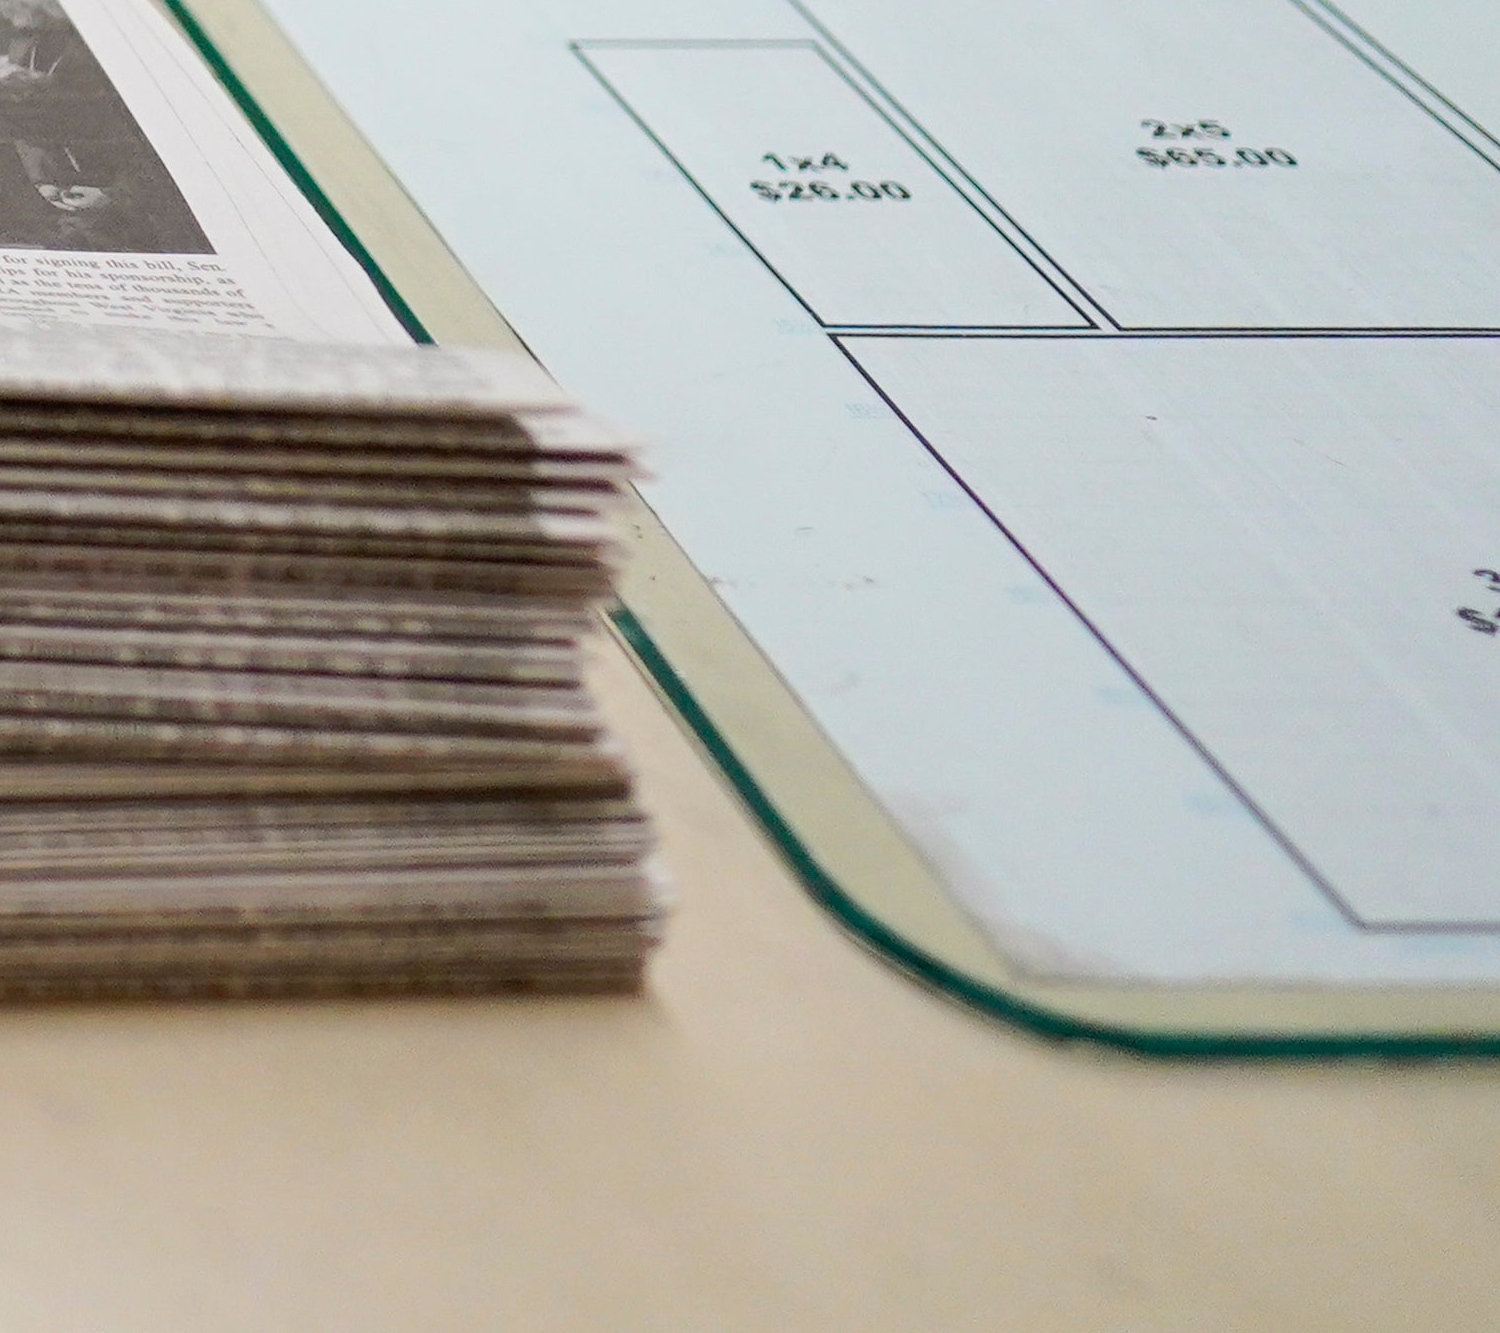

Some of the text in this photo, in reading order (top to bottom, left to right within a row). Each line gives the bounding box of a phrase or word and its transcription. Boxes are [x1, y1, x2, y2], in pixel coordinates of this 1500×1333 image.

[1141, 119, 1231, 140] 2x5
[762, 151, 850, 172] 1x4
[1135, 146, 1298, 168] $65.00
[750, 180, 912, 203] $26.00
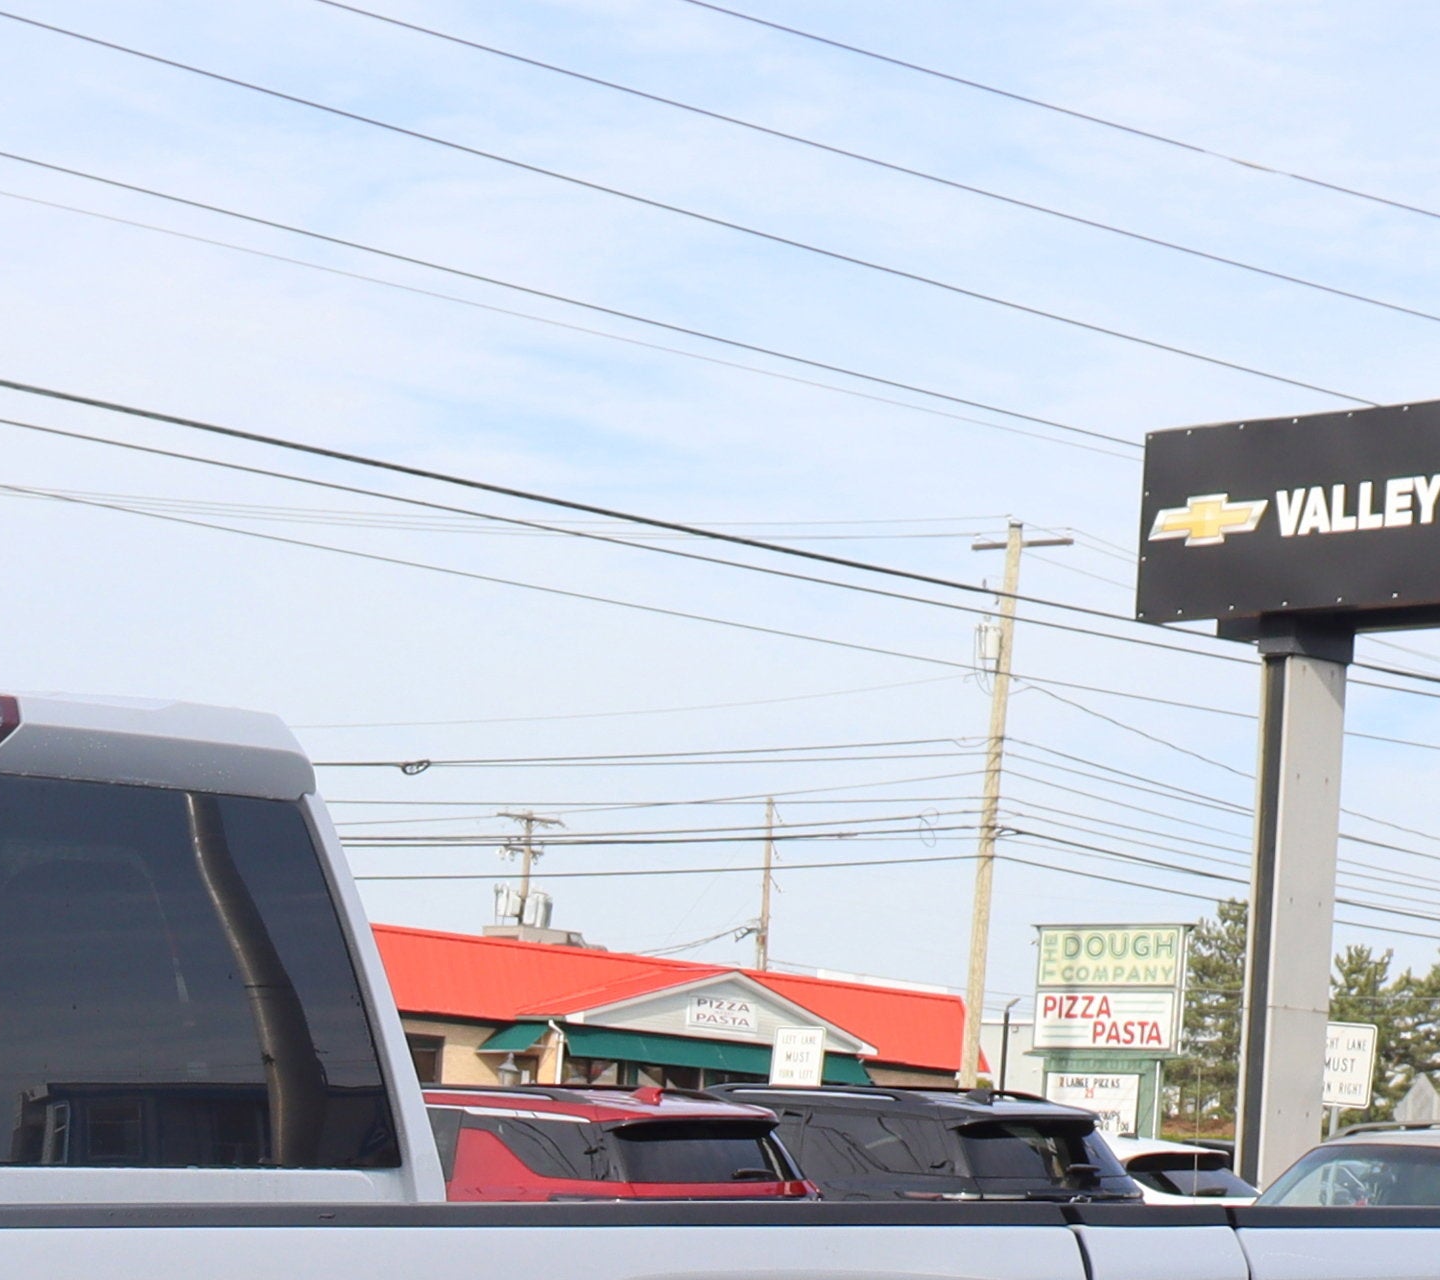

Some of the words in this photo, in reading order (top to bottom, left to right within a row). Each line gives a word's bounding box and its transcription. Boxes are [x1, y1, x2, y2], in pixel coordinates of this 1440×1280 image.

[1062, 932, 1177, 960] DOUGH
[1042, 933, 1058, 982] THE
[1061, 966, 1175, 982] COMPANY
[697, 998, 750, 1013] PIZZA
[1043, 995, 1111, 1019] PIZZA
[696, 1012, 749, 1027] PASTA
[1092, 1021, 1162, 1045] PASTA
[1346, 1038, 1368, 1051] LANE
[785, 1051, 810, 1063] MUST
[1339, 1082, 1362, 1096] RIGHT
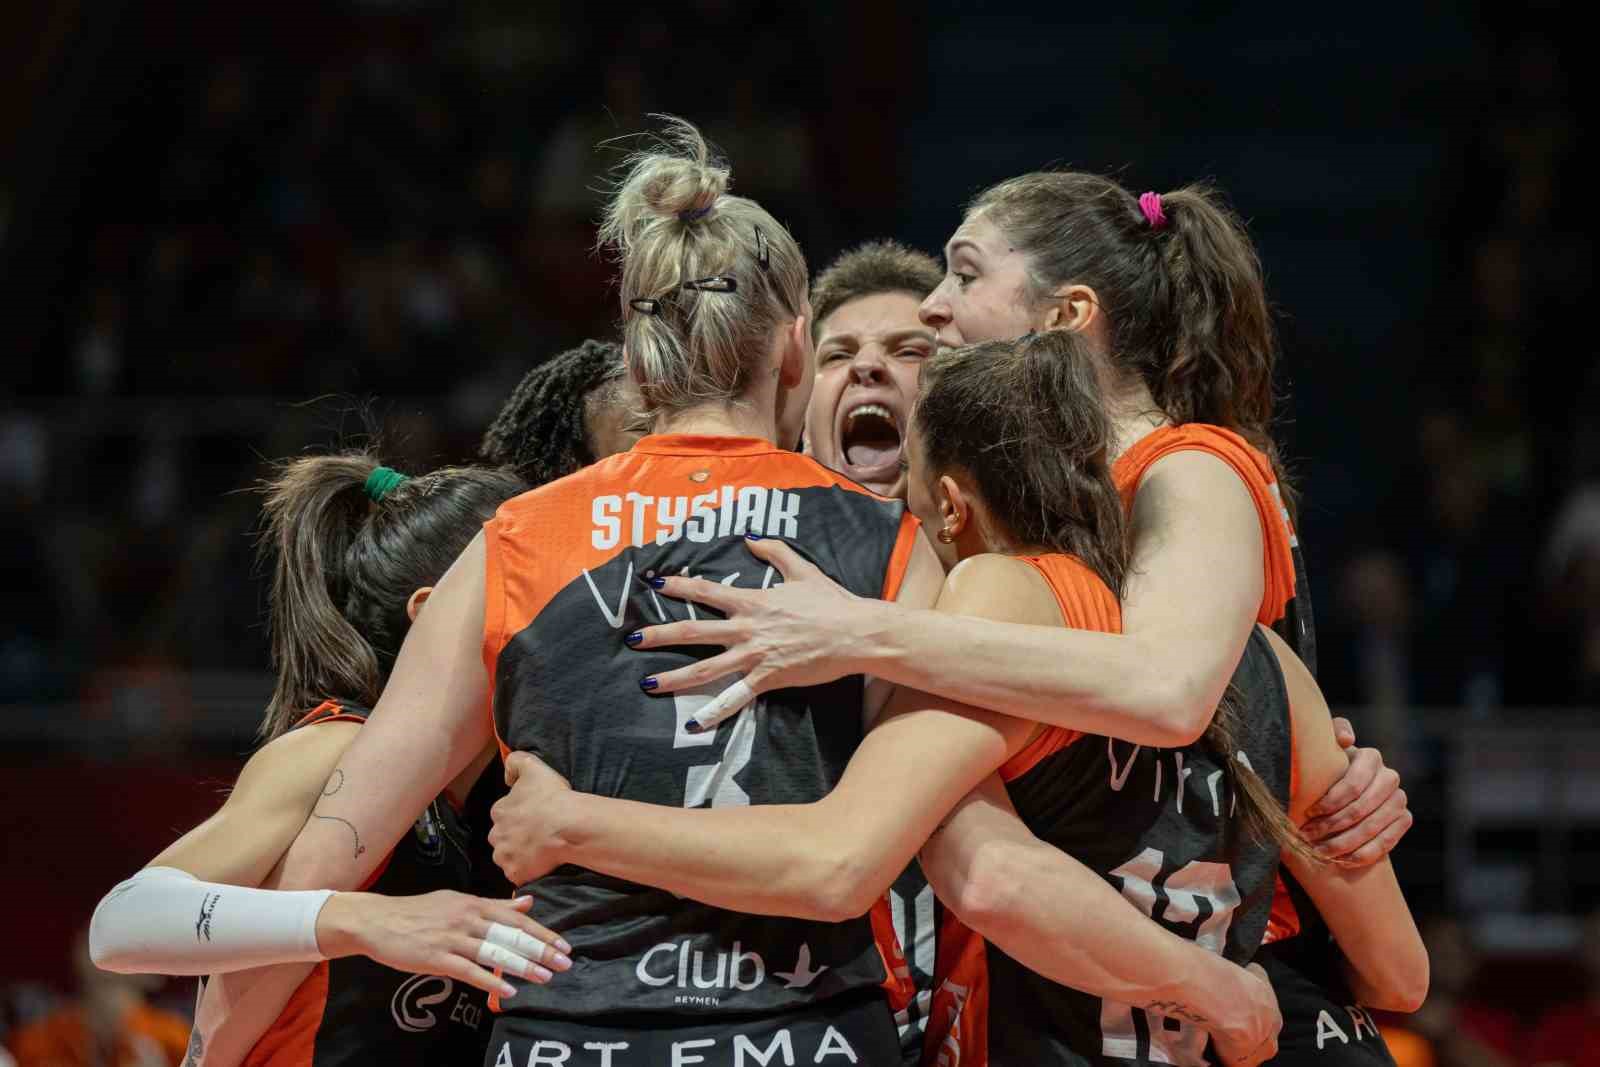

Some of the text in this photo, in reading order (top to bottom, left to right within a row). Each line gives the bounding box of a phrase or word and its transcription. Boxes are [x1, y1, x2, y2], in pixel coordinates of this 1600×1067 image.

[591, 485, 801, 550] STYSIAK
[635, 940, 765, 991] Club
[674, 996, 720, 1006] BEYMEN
----------
# EXERCISE DIRECTIONS
When a picture appears among the entries, skip it; transcribe everything else exactly.

# OUTPUT BELOW
Some of the text in this photo, in reading order (top to bottom, left to right within a row). Each line gives the bounding box of a phrase or word and its transcription. Boxes are [x1, y1, x2, y2], in pixel coordinates of this 1500×1333 image.

[1141, 119, 1231, 140] 2x5
[762, 151, 850, 172] 1x4
[1135, 146, 1298, 168] $65.00
[750, 180, 912, 203] $26.00

Some of the words in this photo, in reading order (top to bottom, left to right within a row). Each line gives a word's bounding box and its transcription. Boxes are [x1, y1, x2, y2], in pixel coordinates of this 1440×1280 image.

[1062, 932, 1177, 960] DOUGH
[1042, 933, 1058, 982] THE
[1061, 966, 1175, 982] COMPANY
[697, 998, 750, 1013] PIZZA
[1043, 995, 1111, 1019] PIZZA
[696, 1012, 749, 1027] PASTA
[1092, 1021, 1162, 1045] PASTA
[1346, 1038, 1368, 1051] LANE
[785, 1051, 810, 1063] MUST
[1339, 1082, 1362, 1096] RIGHT

Some of the text in this photo, in reading order (top to bottom, left to right within a row). Each line gives the bounding box of a phrase or word and its transcription. Boxes are [x1, y1, x2, y2], in pixel coordinates of this 1600×1067 image.

[591, 485, 801, 550] STYSIAK
[635, 940, 765, 991] Club
[674, 996, 720, 1006] BEYMEN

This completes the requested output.